Tickets, please
Change is part of life whether we like it or not. Everybody reacts to it differently. There are some who resist it and some who embrace it.
It’s the same in the world of development. Some want everything in its right place before work begins. Others accept flexibility.
For most machine learning projects, change comes with the territory. Often, what may appear to be a straightforward piece of work actually turns out to be quite tricky and goal posts subtly shift during development.
The reason for this is often the data. Few people know it intimately before work begins, at least as far as the new requirements are concerned. And ask any data scientist what s/he thinks of the quality of their data (seriously, try it!). They’ll generally tell you it sucks.
As a result, there will be a back-and-forth with the business over what is to be done, what assumptions are acceptable and what consequences there may or may not be for the final product.
Developers are no strangers to this process but they’ve solved the problem. Software engineering uses ticketing systems to manage complexity (you’d be hard pressed to find a successful open source project that doesn’t). In a ticketing system, all the requirements can be documented and made available to any team member with a web browser.
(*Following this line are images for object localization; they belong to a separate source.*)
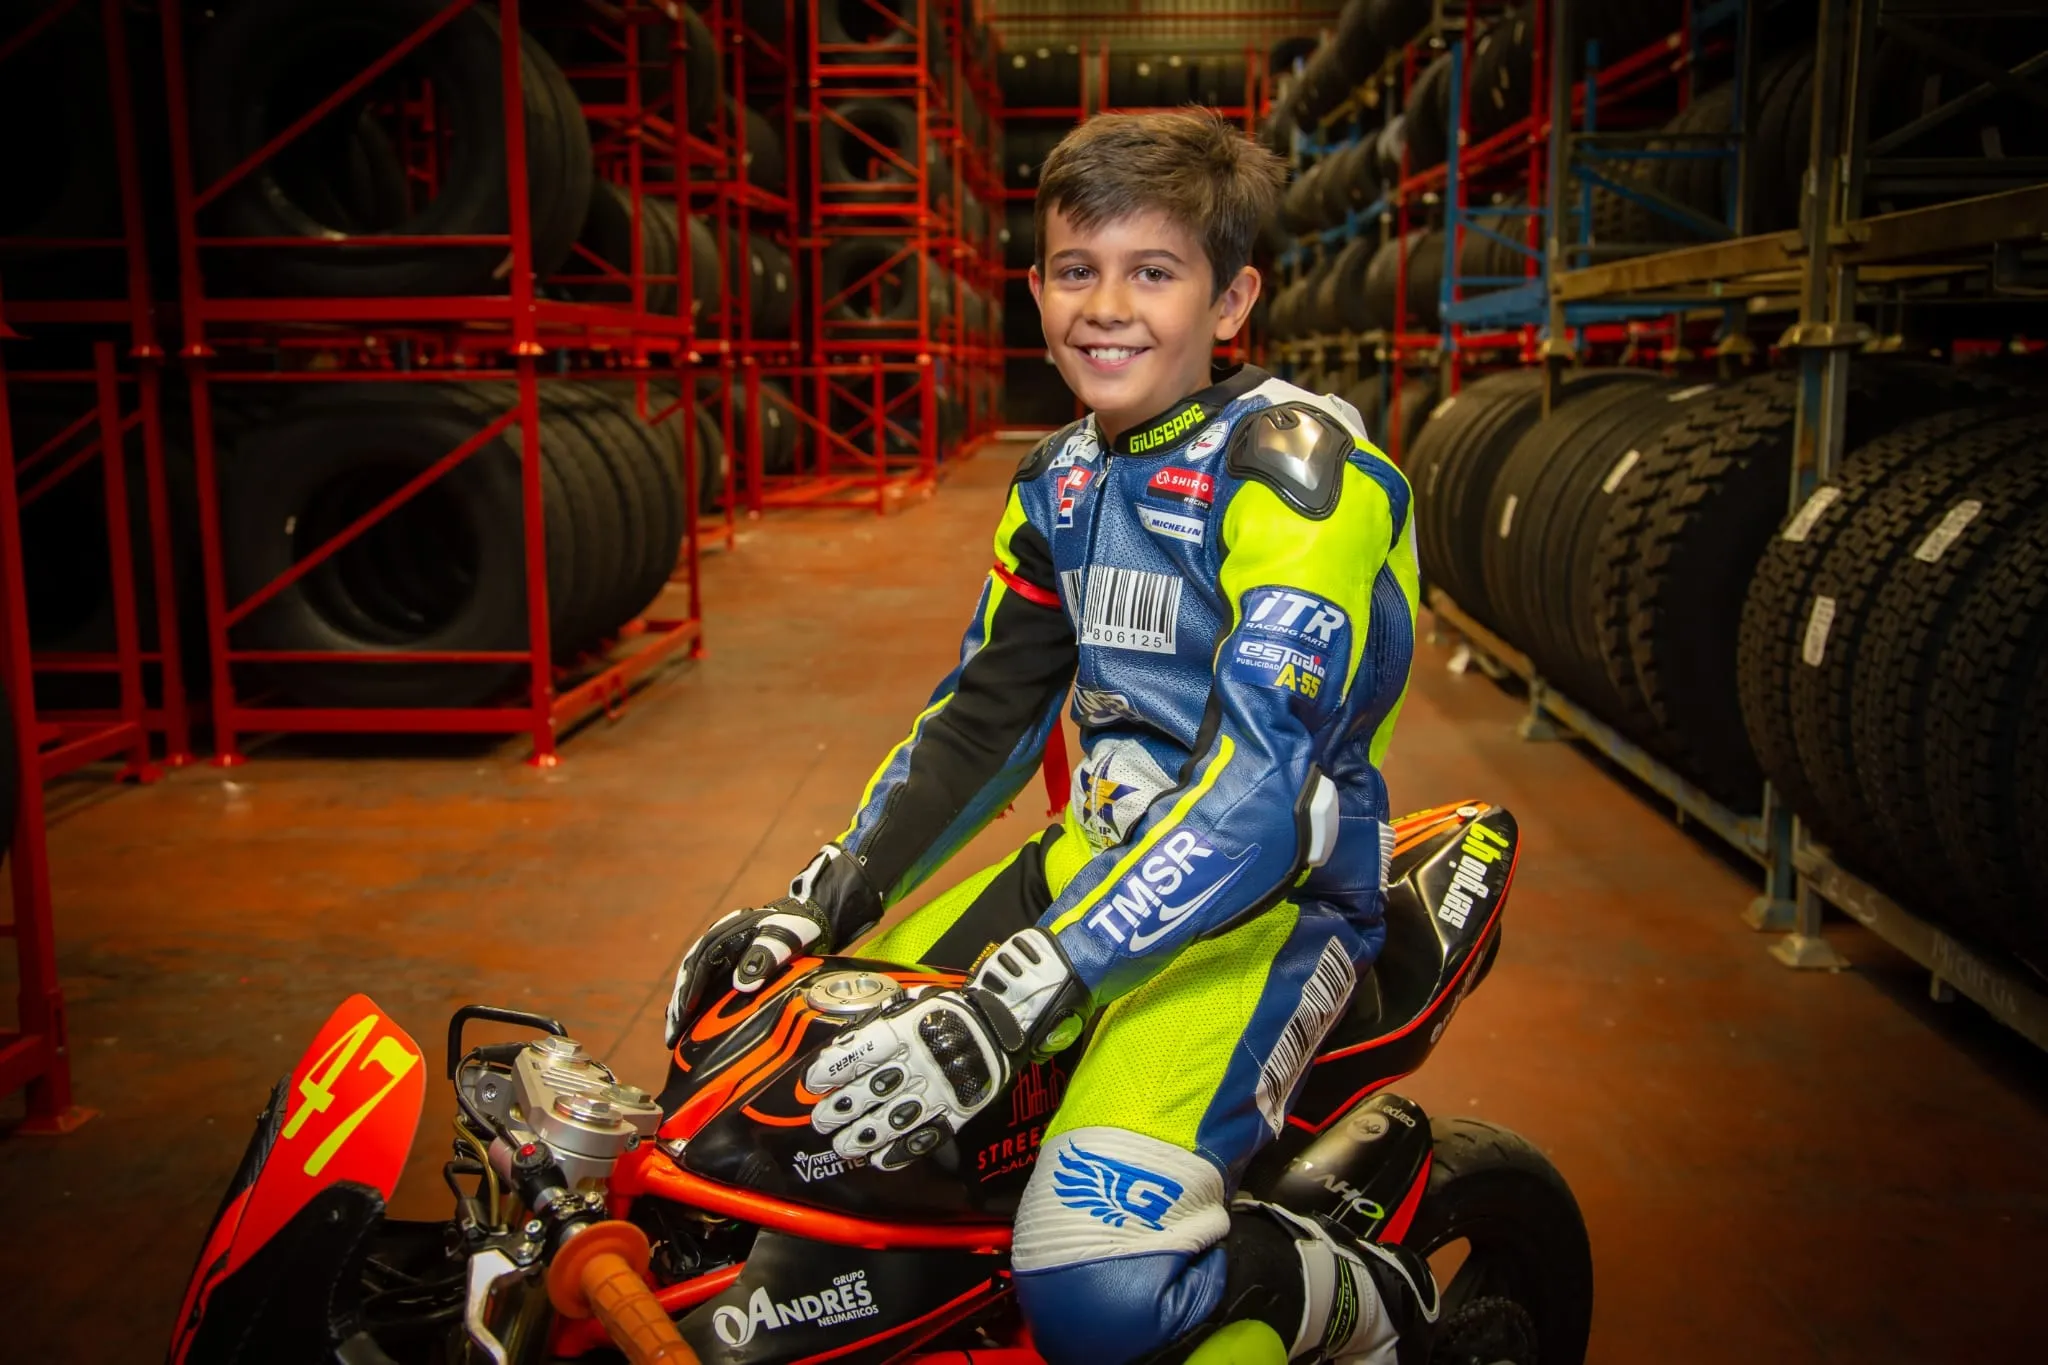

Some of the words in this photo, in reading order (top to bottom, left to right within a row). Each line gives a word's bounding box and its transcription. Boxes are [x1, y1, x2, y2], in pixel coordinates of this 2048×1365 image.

[1171, 475, 1210, 492] SHIRO
[1151, 519, 1201, 537] MICHELIN
[1246, 622, 1299, 636] RACING
[1299, 633, 1329, 649] PARTS
[1236, 657, 1281, 672] PUBLICIDAD
[1273, 663, 1322, 699] A-55
[1087, 830, 1213, 943] TMSR
[283, 1014, 420, 1178] 47
[1382, 1105, 1417, 1129] carpe
[977, 1122, 1050, 1171] STREE
[792, 1150, 839, 1183] VIVER
[833, 1269, 866, 1287] GRUPO
[748, 1280, 873, 1331] ANDRES
[817, 1304, 879, 1328] NEUMATICOS
That means the business as well as the techies have a forum in which to horse-trade.
Common to all good ticketing systems are:
-
Audit logs. You need to know who said what and when, especially six months after the product goes live and you wonder why certain decisions were made.
-
Ticket numbers. Think of this as the primary key for the work, a lingua franca that makes communicating which work we’re talking about unambiguous. Disappointingly, not all ticketing systems provide these. The popular Asana does not have this functionality at the time of writing.
If your ticket system has these two properties then you can get:
Automatic documentation!
There’s a nice little trick you can do to link the code to the requirements. If the data scientists have a standard naming convention for the branches on which they work, their code can automagically be linked to the requirements. Free. No extra documentation needed.
Let’s take an example. Here is some code that was written years ago. Note that every line of code is associated with a ticket number via source control (Git, in our case). Your favourite development environment will generally show this as we can see below. Here we’re using the data scientist’s favourite: PyCharm:
The best thing is that you can tell your code editor to link this code with the ticket with just one click. If future data scientists scratch their head over why you took certain decisions in the machine learning pipeline, they need only click that link and behold!
Up pops a browser with the requirements and all the conversations with the business discussing why certain decisions were taken.
OK, you might not be that impressed today. But in a year’s time when you’re wondering why the hell we did things like that, the answer will be just a hyperlink away. And the best bit is: this is true for every single line in your codebase!